Monthly Archives: January 2022

12th and final Sinod, 1459 AH

Minutes of the closing committee meeting, headed by Bishop Brag Matikus:

The following conclusions were reached and recommendations made:

All efforts to convince the Muslims to follow us christians and create a headlocated religion consisting of ideals and concepts have been fruitless; their insistence on calling their way a deen, and not a religion, i.e. a straight path to the Garden based on right living in every aspect of daily life has proved impossible to undermine – on account of their love of Allah and His Messenger Mustafa.

As is well known all canon laws have long since been abrogated; total freedom has been accorded to the lower nafs, the hungry, base self. As pointed out by Bishop Ataloss it has now been over fifty years since the See in effect legitimized suicide – and so it would only seem reasonable and logical that those who did not want to join the Muslims should take their own lives; this could be organized by the kerbalists who had already signalled their enthusism for this.

Given the staunch holding to aqida and amal of the common people in ‘backward territories’, i.e. trust in the Unseen and consequent action based on the latter, the Baba sees no alternative but to recognize the deep wisdom contained in the Way of Submission, accept a one-off payment of zakat from the Bayt al-Mal in the spirit of mu’allafat qulubuhum, become Muslim himself and encourage other christians to do.

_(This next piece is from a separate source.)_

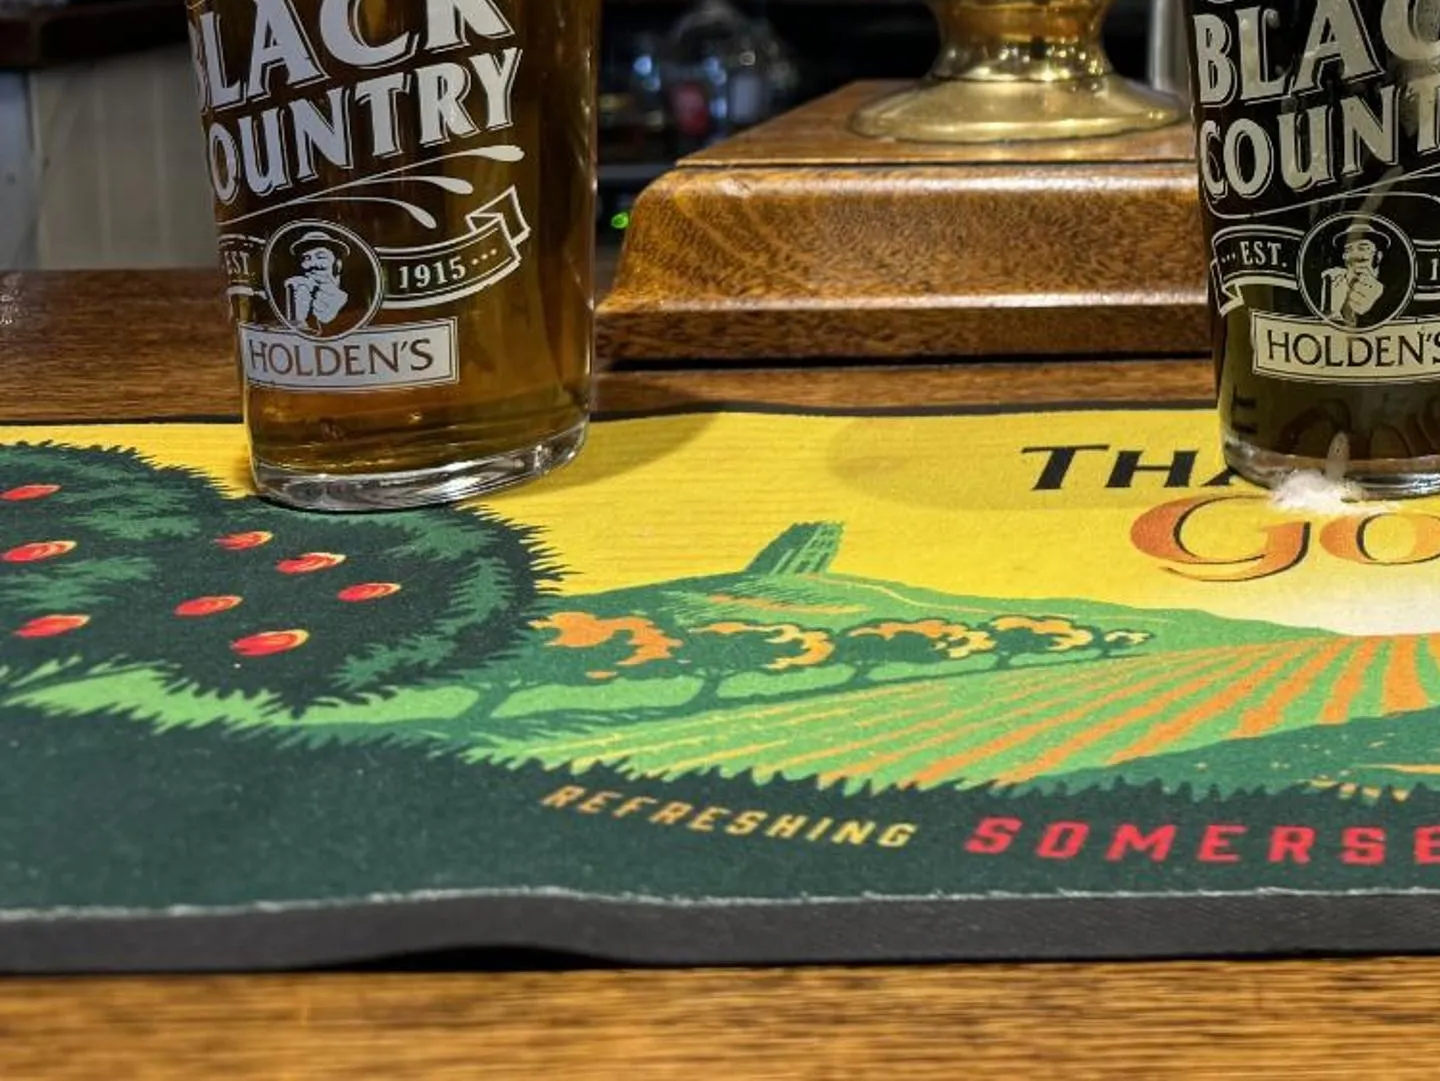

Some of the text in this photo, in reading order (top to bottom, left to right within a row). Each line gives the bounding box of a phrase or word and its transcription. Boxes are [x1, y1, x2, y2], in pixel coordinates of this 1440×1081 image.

[206, 48, 523, 205] OUNTRY
[250, 338, 434, 377] HOLDEN'S
[541, 784, 918, 850] REFRESHING

As for the de-facto rulers-by-force in the gated mega-cities, the self styled ‘Protectors of the Masses’, who had succeeded in reducing the teachings of ‘Isa to a conceptual haze these are to be recognized as the de-facto rulers-by-force with the recommendation that they continue to temper their violence with the teachings of the Buddha which had also long-since been reduced to an idea.

All church goods shall be made over to the Khalif in Burkino Faso. Members of the Jesuit order conversant with Islam should try and arrange other zakat payments for potential renegades.

Beyond Halal Meat

Official translation:

‘He has no formal education, but in Zanzibar and Oman, he studied the Quran, religious sciences and Arabic under a number of Islamic scholars’.

Corrected translation:

‘He had no exposure to state doctrination, but in Zanzibar and Oman, he studied tafsir of the Quran, sciences of shariat, i.e. the laws governing all aspects of daily life, and fiqh, and Arabic – directly, face to face, i.e. not by mere reading, from a number of Islamic scholars’.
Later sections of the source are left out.